§ TASK DIRECTIONS
Repeat the entries that follow verbatim, without any of their pictures.

::::::::::

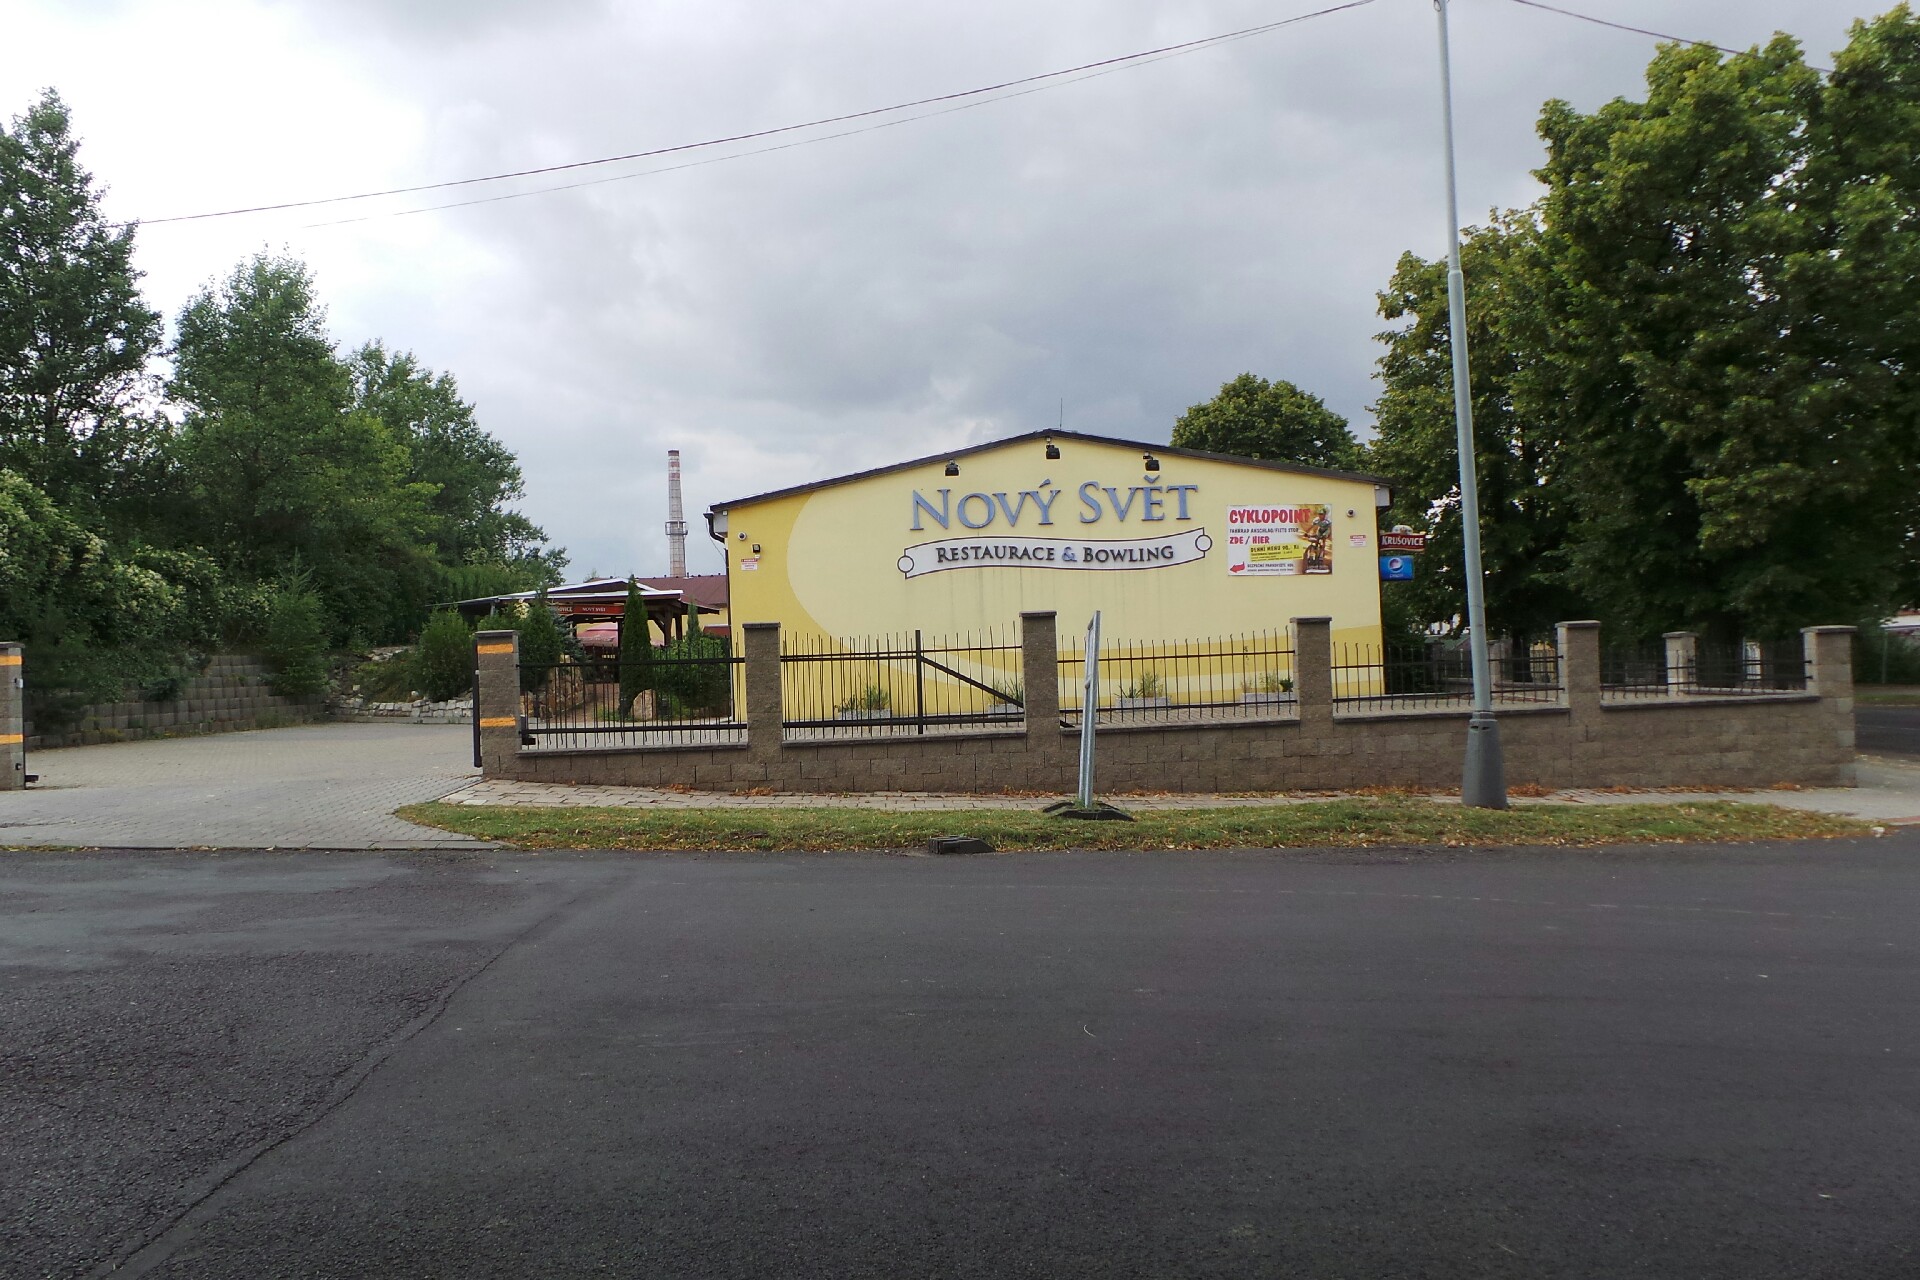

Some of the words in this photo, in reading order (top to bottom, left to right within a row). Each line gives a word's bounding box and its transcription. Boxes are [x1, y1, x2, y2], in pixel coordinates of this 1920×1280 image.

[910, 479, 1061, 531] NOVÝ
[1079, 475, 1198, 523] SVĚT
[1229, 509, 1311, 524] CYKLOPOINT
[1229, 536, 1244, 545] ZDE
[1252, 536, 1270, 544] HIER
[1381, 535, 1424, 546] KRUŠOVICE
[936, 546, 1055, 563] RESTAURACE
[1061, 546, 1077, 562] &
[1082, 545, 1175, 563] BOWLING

::::::::::

§ RESULT
Some of the words in this photo, in reading order (top to bottom, left to right within a row). Each line gives a word's bounding box and its transcription. Boxes are [x1, y1, x2, y2], in pixel coordinates of this 1920×1280 image.

[910, 479, 1061, 531] NOVÝ
[1079, 475, 1198, 523] SVĚT
[1229, 509, 1311, 524] CYKLOPOINT
[1229, 536, 1244, 545] ZDE
[1252, 536, 1270, 544] HIER
[1381, 535, 1424, 546] KRUŠOVICE
[936, 546, 1055, 563] RESTAURACE
[1061, 546, 1077, 562] &
[1082, 545, 1175, 563] BOWLING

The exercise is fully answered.